Outbreak of peace: on Ethiopia-Eritrea thaw

Ethiopia’s decision this month to implement an earlier peace agreement with neighbouring Eritrea brokered by the African Union brings hope, despite the problems that loom ahead. The agreement signed by the two countries in Algiers in December 2000 was intended to bring an end to a conflict triggered by Eritrea, but the pact was never fully implemented. The two neighbours remained deadlocked in a conflict that has over time claimed more than 50,000 lives over a dispute concerning the border town of Badme. A boundaries delimitation commission had awarded the area to Eritrea in 2002, but Ethiopia refused to cede control. The presence of Ethiopian troops served to prolong the confrontation, as Eritrea mobilised its own forces under its autocratic leader, President Isaias Afwerki. The conflict gave the dictator a pretext to expand a large conscription programme, in the process enslaving thousands of young men and women and triggering a mass exodus to European countries. Desperate Eritrean migrants were among the hundreds who drowned off Italy’s Lampedusa island in 2013.

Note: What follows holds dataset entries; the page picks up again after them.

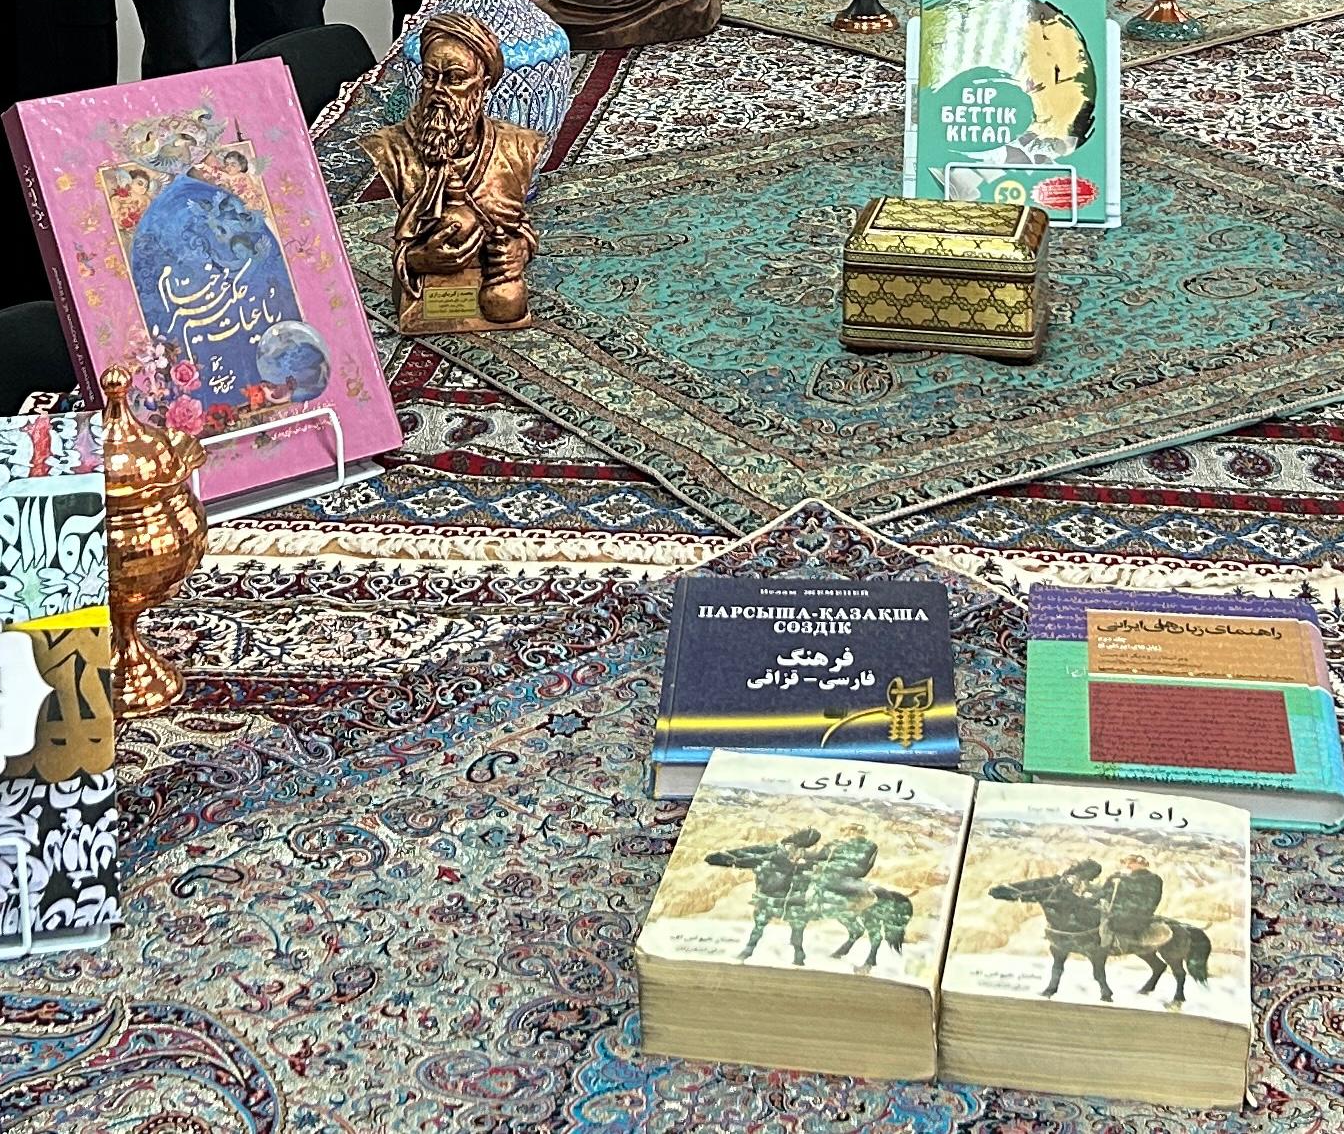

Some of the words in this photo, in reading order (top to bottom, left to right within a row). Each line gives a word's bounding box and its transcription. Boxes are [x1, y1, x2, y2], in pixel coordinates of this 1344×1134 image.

[962, 86, 998, 105] БІР
[941, 106, 1017, 124] БЕТТІК
[946, 125, 1011, 144] КІТАП
[773, 619, 853, 637] СӨЗДІК
[776, 646, 855, 673] فرهنگ
[746, 668, 800, 691] قزاقی
[818, 669, 877, 691] فارسی
[799, 770, 871, 792] آبای
[877, 779, 916, 800] راه
[1069, 797, 1139, 822] آبای
[1148, 807, 1188, 829] راه

Ethiopia’s decision to honour the terms of the peace accord is credited to its popular and young Prime Minister, Abiy Ahmed, who assumed office this April. The rapprochement is part of a string of democratic reforms he has unveiled — including lifting the state of emergency, releasing thousands of political prisoners, and removing some Opposition parties from the list of terrorist groups. But there are already rumblings in the ruling Ethiopian People’s Revolutionary Democratic Front, between the country’s ethnic Oromo majority and the politically dominant Tigrayan minority. The choice of Mr. Ahmed, an Oromo, as Prime Minister was aimed at restoring stability in the light of growing unrest in the community for greater political representation. Unless managed tactfully, these internal tensions within the governing coalition could impede the peace process. For Eritrea, a lasting settlement to the prolonged conflict on the Horn of Africa will constitute a major milestone, one that has come 25 years after it gained independence from Ethiopia in 1993, following a prolonged guerrilla war. All the same, the end of hostilities could mean a diminishing role for the military and a loosening of President Afwerki’s grip over the state apparatus. The former rebel leader has resisted holding general elections since independence and has not honoured the 1997 constitution. Restoration of peace and democracy is an urgent priority in both countries, which are among the poorest in the world. Greater transparency and political accountability at home are also prerequisites for stability across the borders. Ethiopia and Eritrea are strategically located, both as gateways for global trade and for counter-terrorism operations. Peace will allow landlocked Ethiopia to access Eritrean ports, and tie the two countries into greater economic cooperation. The international community must step up to engage Ethiopia and Eritrea on fairer terms than it has during the course of the bitter conflict. But the path to redemption will ultimately lie in the political wisdom and vision of their leaders.